Targeting Glioblastoma Stem Cells: Structure-Activity Relationship of Potent Diaryl Acrylonitrile Resveratrol Analogs

Targeting Glioblastoma Stem Cells: Structure-Activity Relationship of Potent Diaryl Acrylonitrile Resveratrol Analogs

Alvin Sherman Library

Glioblastoma (GBM) is an aggressive brain tumor that presents significant treatment challenges due to its infiltrative nature and therapy resistance. Elimination of GBM stem cells (GSCs), which drive tumor progression and treatment resistance, is essential for a successful outcome. Resveratrol (RSV), a natural compound with anticancer properties, shows limited therapeutic potential due to poor bioavailability, prompting the development of more potent analogs. In this study, 80 diaryl acrylonitrile RSV analogs were synthesized via Knoevenagel condensation and evaluated for their cytotoxicity toward GSCs using MTS assay.

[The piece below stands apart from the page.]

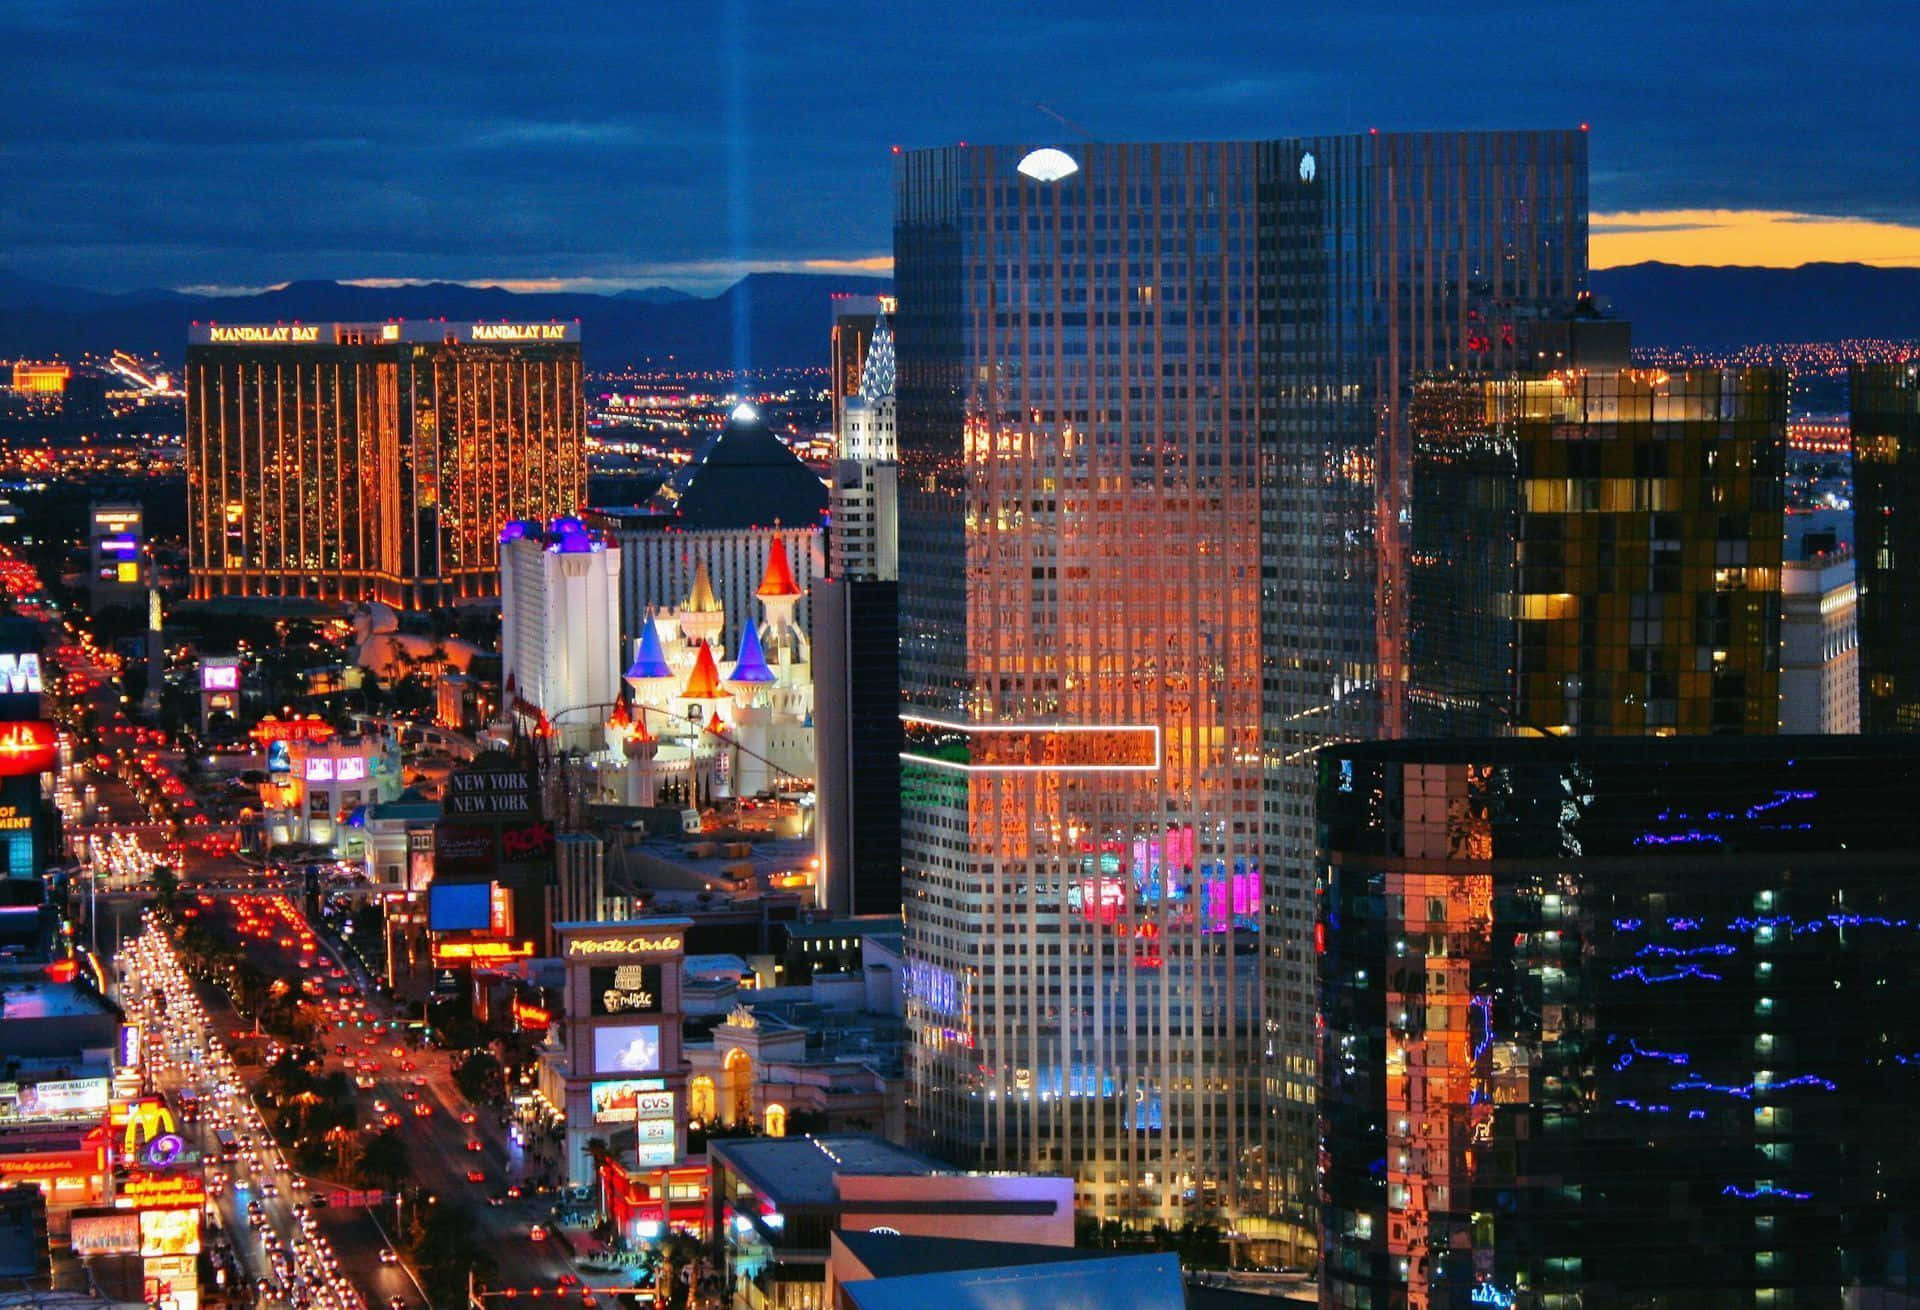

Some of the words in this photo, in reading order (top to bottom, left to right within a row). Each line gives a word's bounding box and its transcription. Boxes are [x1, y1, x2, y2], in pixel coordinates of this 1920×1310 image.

Among these compounds, E03 exhibited notable activity, with an average GSC IC50 value of 106 nM, representing an approximate 1000-fold increase in cytotoxicity compared to RSV. Structure-activity relationship analyses (SARs) revealed that methoxy substitution at the 4- position on phenyl ring of the aromatic aldehyde of the stilbene structure in the “03-series” compounds is essential for activity, significantly enhancing GSC cytotoxicity. In contrast, nitro-substituted analogs promoted cell differentiation rather than apoptosis, further emphasizing the importance of specific structural modifications. These findings highlight the critical role of methoxy group positioning in driving selective cytotoxic effects and provide valuable insights into the SAR of diaryl acrylonitrile analogs. Ongoing studies aim to uncover E03’s mechanism of action by analyzing its impact on key GBM drivers, including EGFR and the PI3K/AKT/mTOR signaling pathway. This research provides a solid foundation for the development of resveratrol-inspired analogs as innovative therapeutic candidates for this aggressive disease. Notably, E03 and its related analogs show significant promise as lead compounds for effectively targeting GSCs.